Each trial takes a merged PR and rewinds to the commit where tests first passed, before human reviewers pushed for improvements. The pipeline refactors that pre-review code and asks: would a reviewer approve this?

The pipeline:

Spec: Codex reads the PR description and proposes specific refactoring claims (“extract this helper,” “centralize this normalization,” “remove this duplication”).
Implement: Opus and Codex each implement the spec independently. The one with smaller diff wins. (They tied on churn in one trial and landed within 10% on most. Blind-blind is insurance against single-model failure, not a source of diversity.)
Adversarial loop: Codex reviews its own side’s work. Finds issues. Fixes them. Rebuilds. Retests. Repeats up to 10 rounds. Findings oscillate; fixing 2 issues introduces 2 new ones, but the code hardens with each pass.
Independent review: Gemini sees the final output for the first time. It never touched the code during construction. It says “approve” or “here are my comments.”

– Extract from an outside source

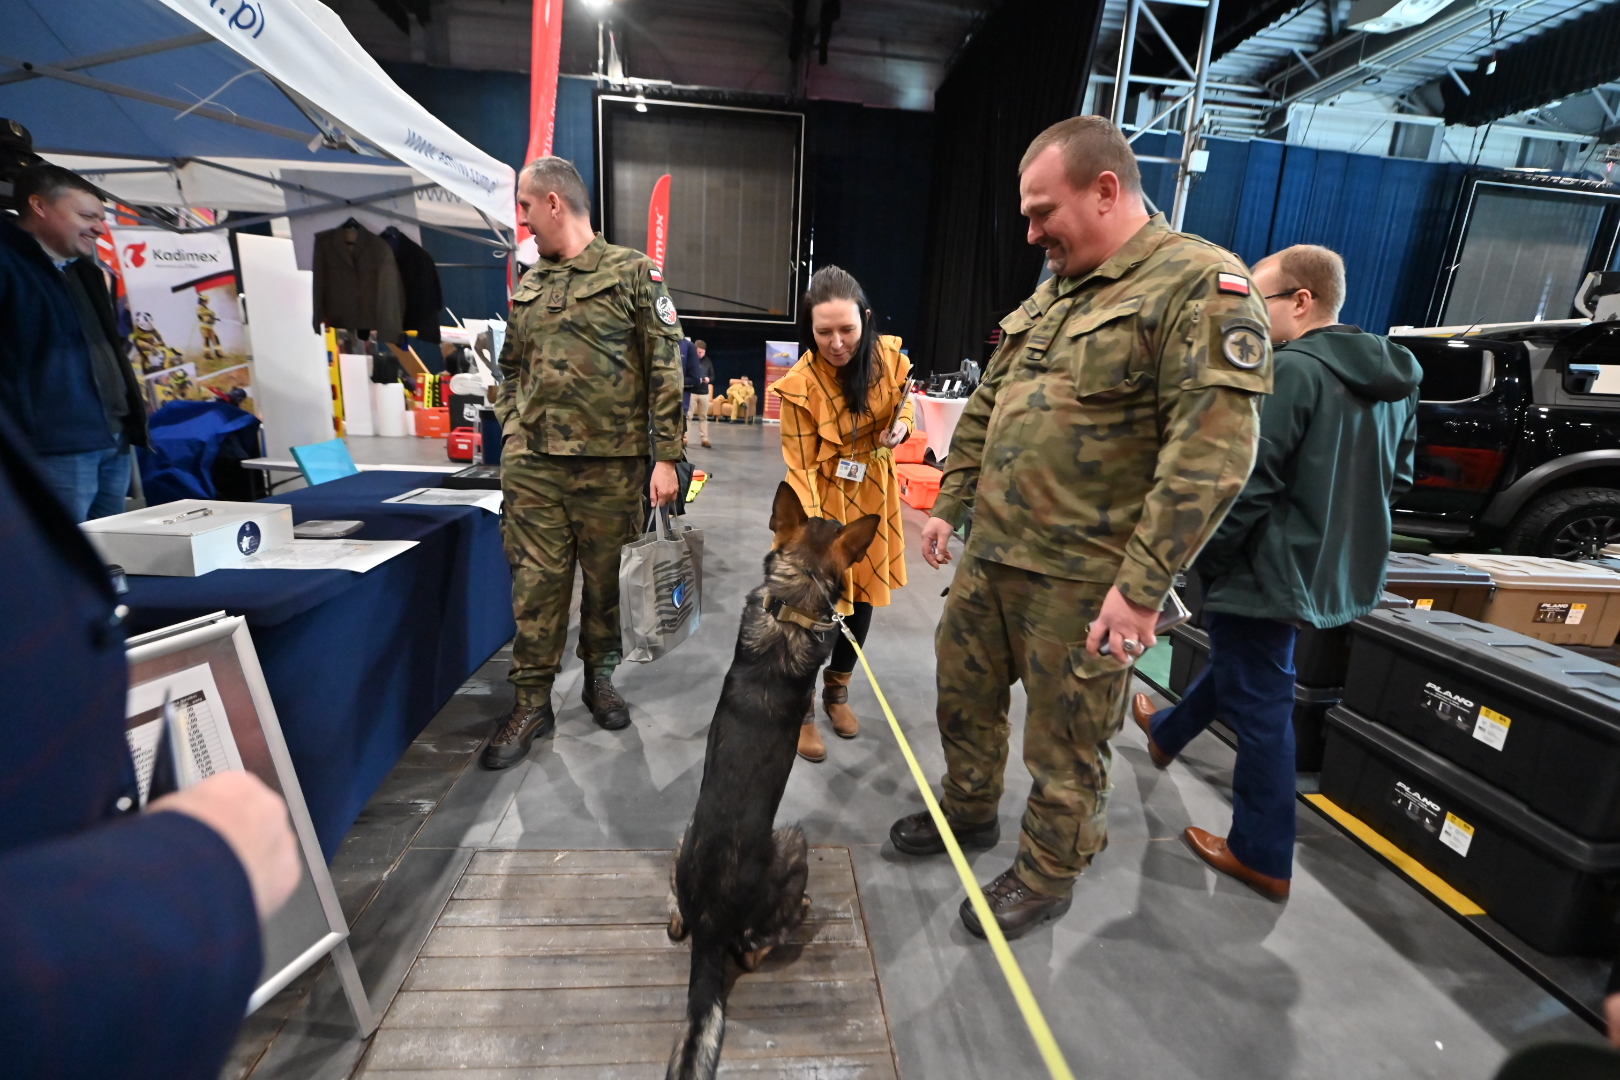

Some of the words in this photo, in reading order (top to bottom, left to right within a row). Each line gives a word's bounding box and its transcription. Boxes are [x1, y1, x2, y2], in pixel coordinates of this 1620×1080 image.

[152, 249, 218, 263] Kadimex
[1426, 682, 1474, 708] PLANO
[1396, 781, 1441, 812] PLANO

Build and tests pass every round. Complexity never increases (measured via AST-level cognitive complexity). The question is only: is it merge-ready?

Three models, three roles: one writes the spec, two compete on implementation, one hunts bugs, one judges. No model reviews its own output. A single model talking to itself doesn’t catch its own blind spots; cross-model iteration does.

The numbers

27 trials. 9 repos (gemini-cli, cli/cli, cel-go, google-cloud-go, go-github, adk-go, go-containerregistry, gapic-generator-go, ruff). 3 languages.

	Go	TypeScript	Rust
Trials	16	9	2
Valid (build+test pass)	15	6	2
Approved (iterative)	15	4	2
Rate	100%	67%	100%

Go: every trial that produced test-passing code eventually got reviewer approval. Fast tests, strong-enough type system, small repos.

Rust: initially 0%; both trials were classified as “hard no-op.” Re-running with proper infrastructure revealed both refactorings were valid. One passed immediately; the other needed 2 rounds of compiler-driven fixes (codex reads rustc error → applies fix → rebuilds). Rust’s strict compiler makes iteration MORE effective: zero false-positive feedback, exact line numbers, convergence in 2 rounds vs Go’s typical 5-10 rounds of oscillating adversarial findings.

TypeScript: 67% approval. The 2 remaining impasses are infrastructure; CLI agents hang loading 1000-file monorepos into context. Scoping to the changed package resolves this.

The accidental finding

I messed up the first run. The prereg specifies iterative convergence; run the review loop until the reviewer approves or gives up. I skipped it and ran one-shot. Got 43%. The user caught me: “you weren’t supposed to take shortcuts.”

So I re-ran with iteration on the same refactored code. Same spec, same implementation, just the review loop added on top:

Condition	What ran	Approval
One-shot	Spec → implement → 1 review	9/21 = 43%
Iterative (same code)	+ hunt-code loop N≤10 + reviewer compliance	21/23 = 91%

Same code, same spec, loop added, 48pp jump. Accidental and unplanned, so treat it as suggestive. But the controlled variable is clean.

What it means: a first-draft spec from the PR description is sufficient. Iterative spec sharpening added zero measured value over one-shot spec + iterative review. The value is in catching and fixing problems after implementation, the same way human code review works. You don’t write a perfect spec. You iterate until a reviewer says ship it.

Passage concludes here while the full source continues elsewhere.